## REQUIRED WORK
Since pictures are not wanted, repeat only the text of the records, word for word.

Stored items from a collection

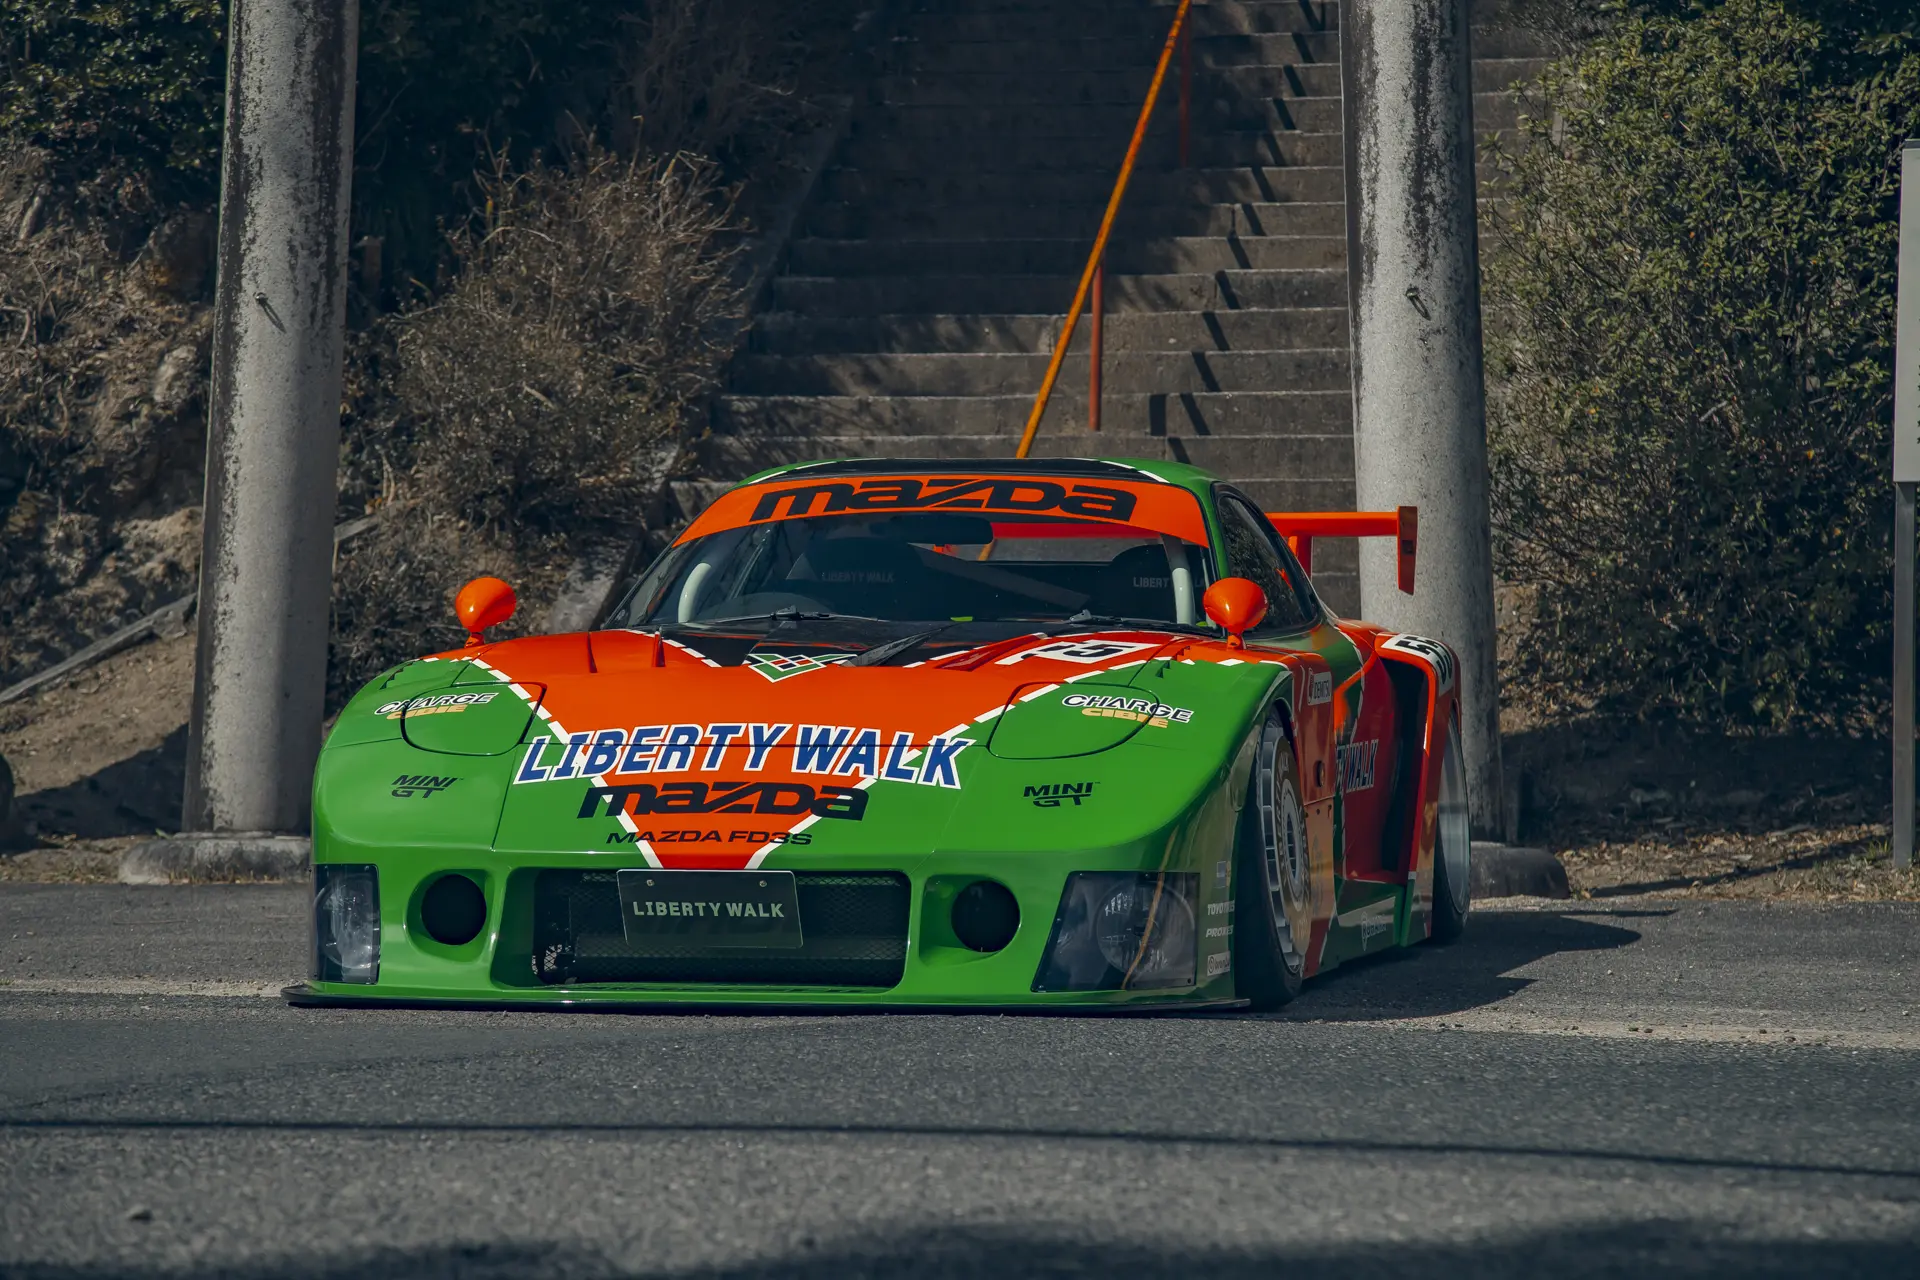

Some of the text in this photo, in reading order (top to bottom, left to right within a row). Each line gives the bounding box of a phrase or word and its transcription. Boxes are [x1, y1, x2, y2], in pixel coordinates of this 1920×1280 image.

[1133, 577, 1170, 588] LIBERT
[374, 692, 500, 715] CHARGE
[1062, 694, 1195, 723] CHARGE
[1081, 708, 1169, 728] CIBIE
[512, 723, 977, 790] LIBERTY WALK
[391, 774, 459, 788] MINI
[391, 786, 447, 799] GT
[1023, 782, 1094, 798] MINI
[1033, 794, 1091, 808] GT
[605, 830, 813, 846] MAZDA FD3S
[633, 901, 785, 918] LIBERTY WALK

## WRITTEN ANSWER
Some of the text in this photo, in reading order (top to bottom, left to right within a row). Each line gives the bounding box of a phrase or word and its transcription. Boxes are [x1, y1, x2, y2], in pixel coordinates of this 1920×1280 image.

[1133, 577, 1170, 588] LIBERT
[374, 692, 500, 715] CHARGE
[1062, 694, 1195, 723] CHARGE
[1081, 708, 1169, 728] CIBIE
[512, 723, 977, 790] LIBERTY WALK
[391, 774, 459, 788] MINI
[391, 786, 447, 799] GT
[1023, 782, 1094, 798] MINI
[1033, 794, 1091, 808] GT
[605, 830, 813, 846] MAZDA FD3S
[633, 901, 785, 918] LIBERTY WALK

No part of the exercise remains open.